Discovery of a star orbiting a black hole in just 20 minutes

It is an observation as exceptional as it is stunning that has been made by an international team of astronomers, namely a star orbiting around what appears to be a black hole. The small distance separating the two objects makes them extremely close.

Even though they are mysterious, black holes are still known to be ruthless and devour any matter passing near them thanks to extremely powerful gravitational forces.
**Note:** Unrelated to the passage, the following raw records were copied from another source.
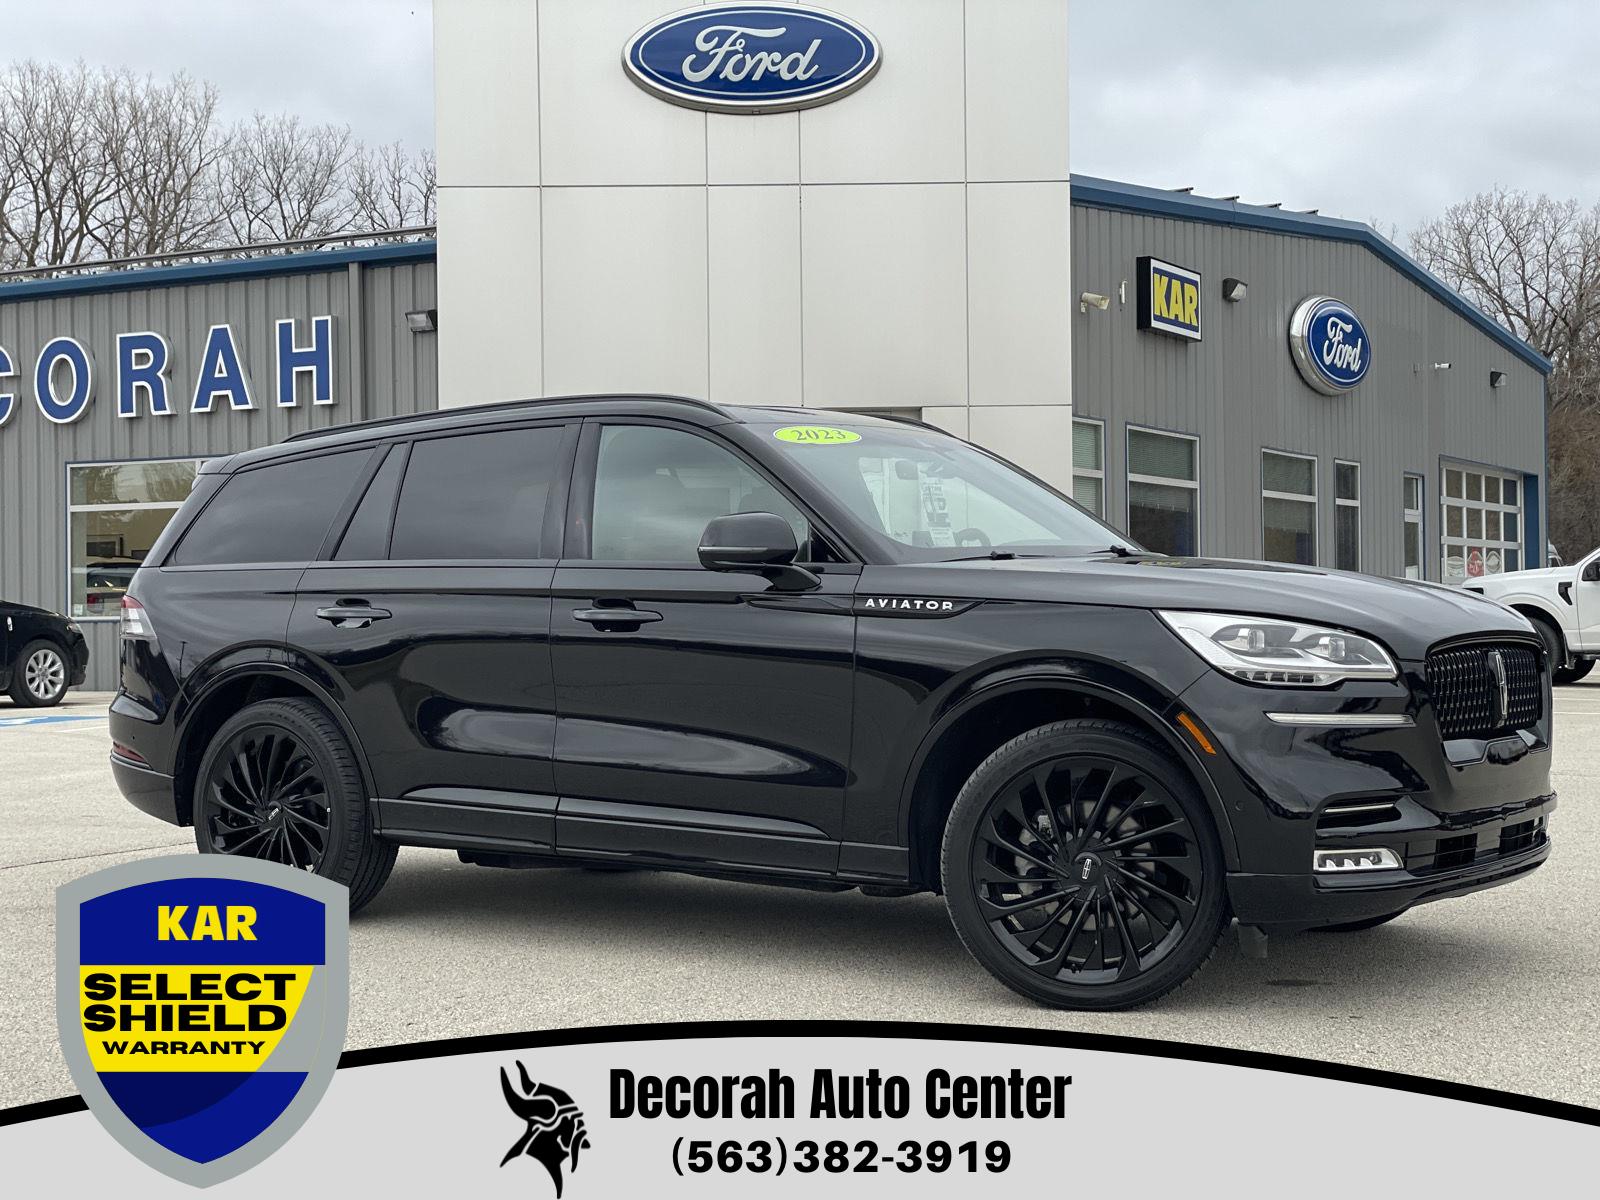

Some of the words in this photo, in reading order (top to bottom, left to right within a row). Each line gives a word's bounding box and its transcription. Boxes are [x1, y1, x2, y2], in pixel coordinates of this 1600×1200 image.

[681, 25, 822, 83] Ford
[1153, 273, 1198, 327] KAR
[1322, 316, 1362, 373] Ford
[791, 429, 846, 441] 2023
[865, 599, 952, 610] AVIATOR
Based on this observation, the observation recently made by an international team of astronomers is all the more surprising: a white dwarf star orbiting around a black hole at a close distance and a crazy speed. They publish their research in the journal ArXiv.

This astonishing binary system called “47 Tuc X9” was discovered within the Toucan Constellation, 14,800 light years from our planet. The probable presence of a black hole was revealed in 2015 thanks to observations by the ATCA telescope (Australia Telescope Compact Array) and complementary X-ray measurements made using the Chandra and NuSTAR space telescopes led to these new discoveries.

The signature observed by space telescopes shows that it is a white dwarf, a type of star composed mainly of carbon and oxygen. According to the calculations and observations of astronomers, its orbital period is only 28 minutes, and the two objects are only 950,000 kilometers apart. It is only two and a half times the distance between the Earth and the Moon. Never had a star been observed so close to a black hole!

Why isn’t the star sucked in by the black hole’s gravitational forces like any matter that passes by? For astronomers, in reality, it is. Indeed, the black hole tears its matter from it at every moment and the researchers suggest that it is in fact an ancient red giant which has become a white dwarf by dint of seeing its matter being devoured. It could then be so until there is nothing left.

Finally, it is not entirely certain that it is indeed a black hole. For astronomers, it could also be a neutron star, a star at the “end of life” of which only an incredibly dense nucleus remains. However, all the characteristics do not seem to be met for this. Thus, even if it is not ruled out, the hypothesis remains unlikely. Future much more in-depth observations will be able to teach us more about this improbable couple.